Assignment>
Only what runs from the line with "Some of the text" to the final line of the records below should be given again, word for word.

Material provided>

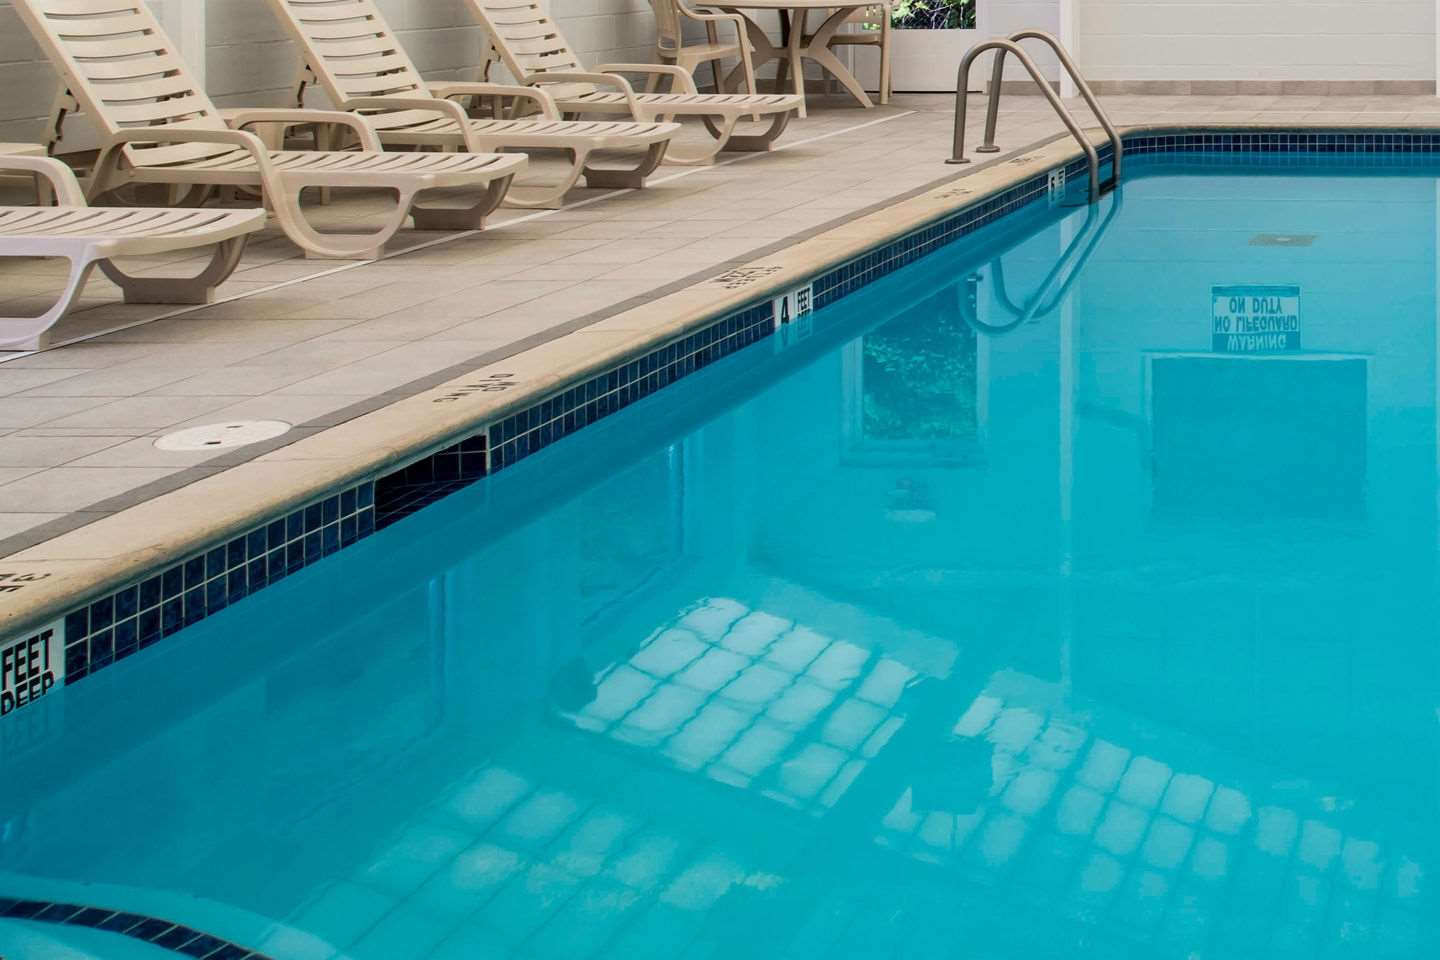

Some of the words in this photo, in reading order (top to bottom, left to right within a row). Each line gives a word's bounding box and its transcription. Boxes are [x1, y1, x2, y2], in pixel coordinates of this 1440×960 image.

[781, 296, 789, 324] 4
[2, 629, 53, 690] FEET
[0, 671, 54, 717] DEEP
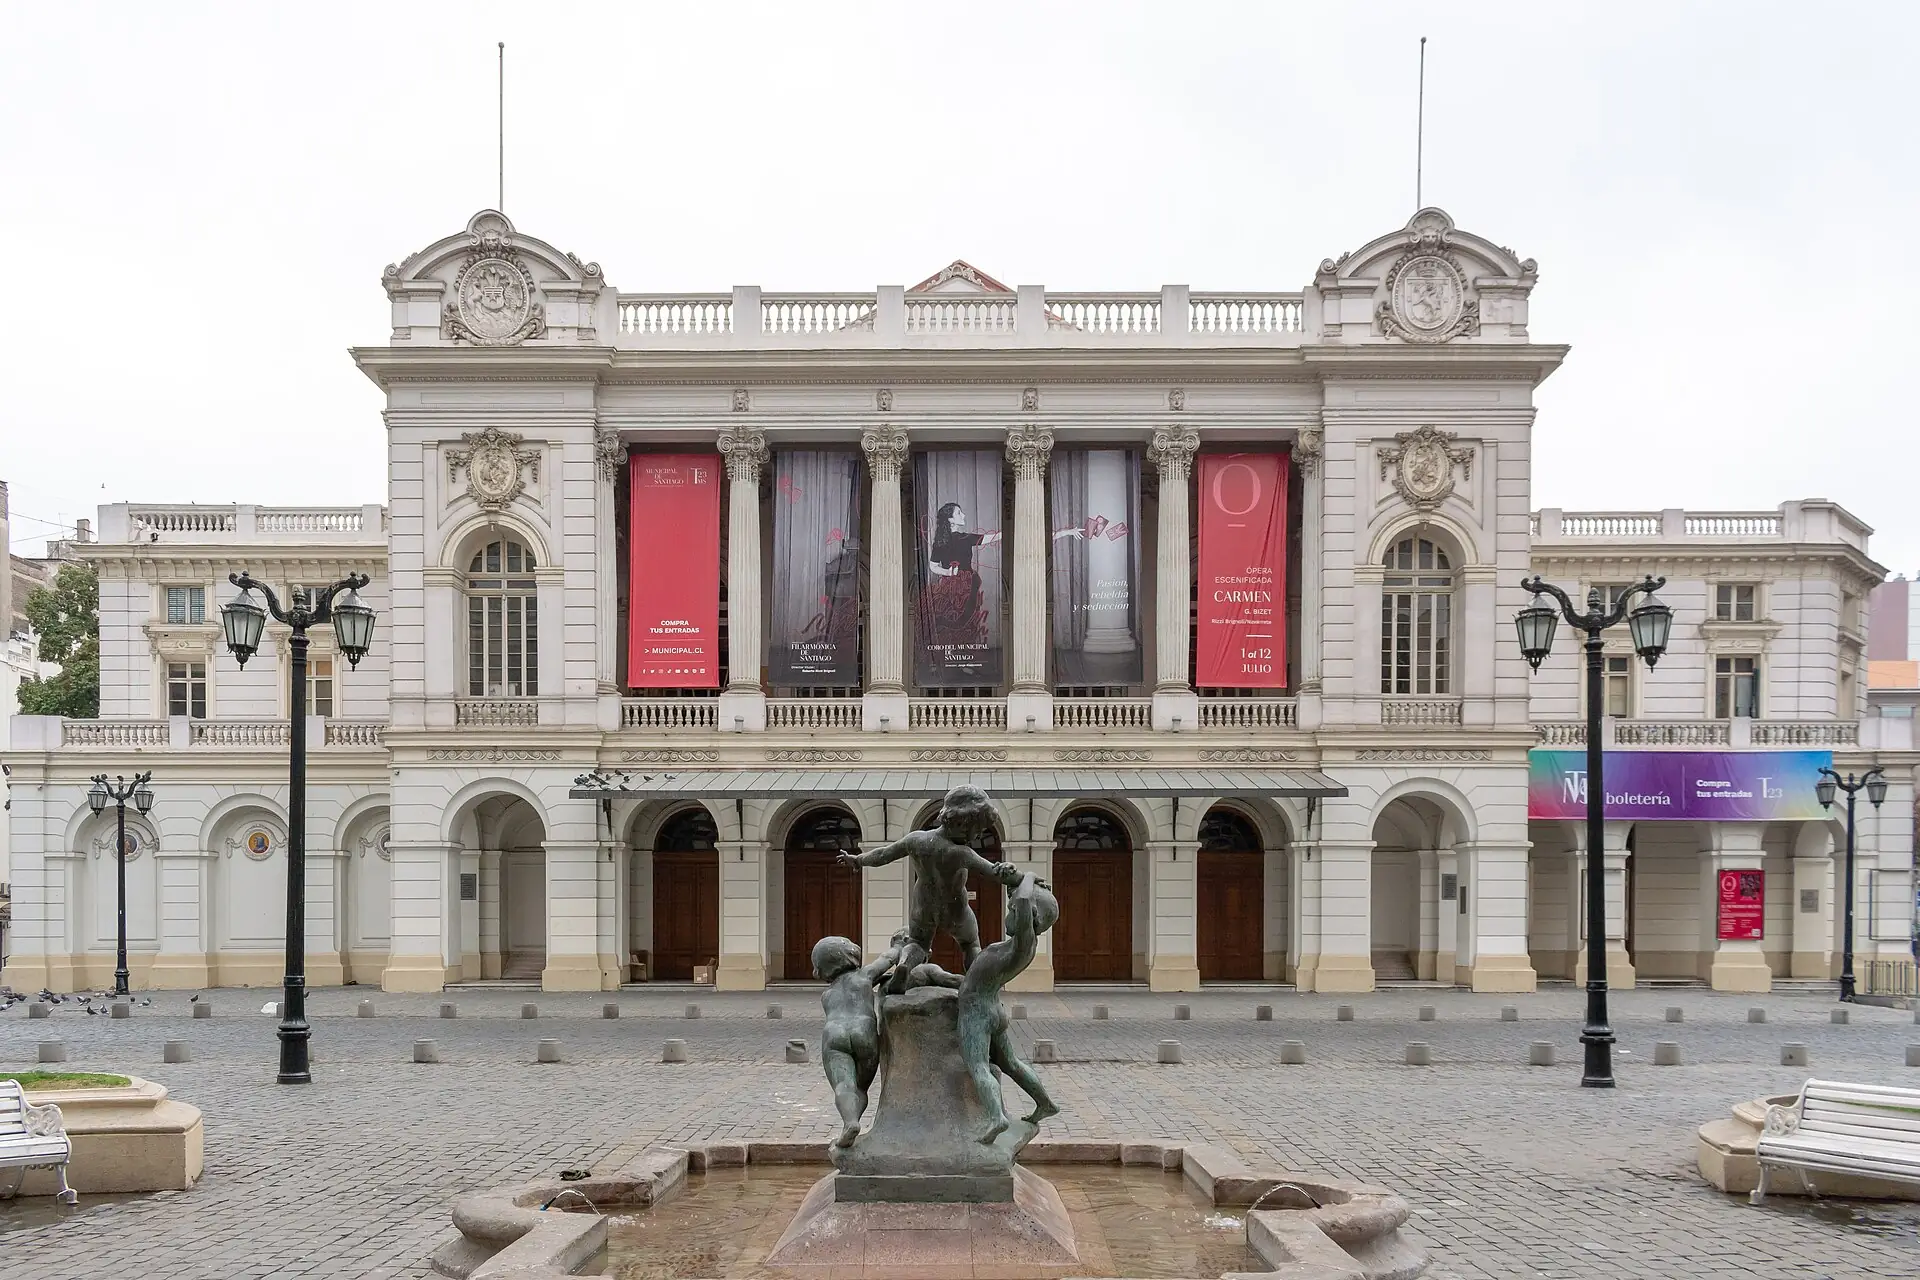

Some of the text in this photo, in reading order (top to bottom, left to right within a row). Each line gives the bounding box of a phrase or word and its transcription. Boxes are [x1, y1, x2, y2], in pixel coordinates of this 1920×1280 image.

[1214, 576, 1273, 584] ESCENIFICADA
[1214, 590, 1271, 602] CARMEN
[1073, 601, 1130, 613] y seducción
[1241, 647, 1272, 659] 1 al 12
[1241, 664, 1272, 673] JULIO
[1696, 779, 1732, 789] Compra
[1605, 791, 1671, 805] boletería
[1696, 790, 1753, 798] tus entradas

Task response>
Some of the text in this photo, in reading order (top to bottom, left to right within a row). Each line gives the bounding box of a phrase or word and its transcription. Boxes are [x1, y1, x2, y2], in pixel coordinates of this 1920×1280 image.

[1214, 576, 1273, 584] ESCENIFICADA
[1214, 590, 1271, 602] CARMEN
[1073, 601, 1130, 613] y seducción
[1241, 647, 1272, 659] 1 al 12
[1241, 664, 1272, 673] JULIO
[1696, 779, 1732, 789] Compra
[1605, 791, 1671, 805] boletería
[1696, 790, 1753, 798] tus entradas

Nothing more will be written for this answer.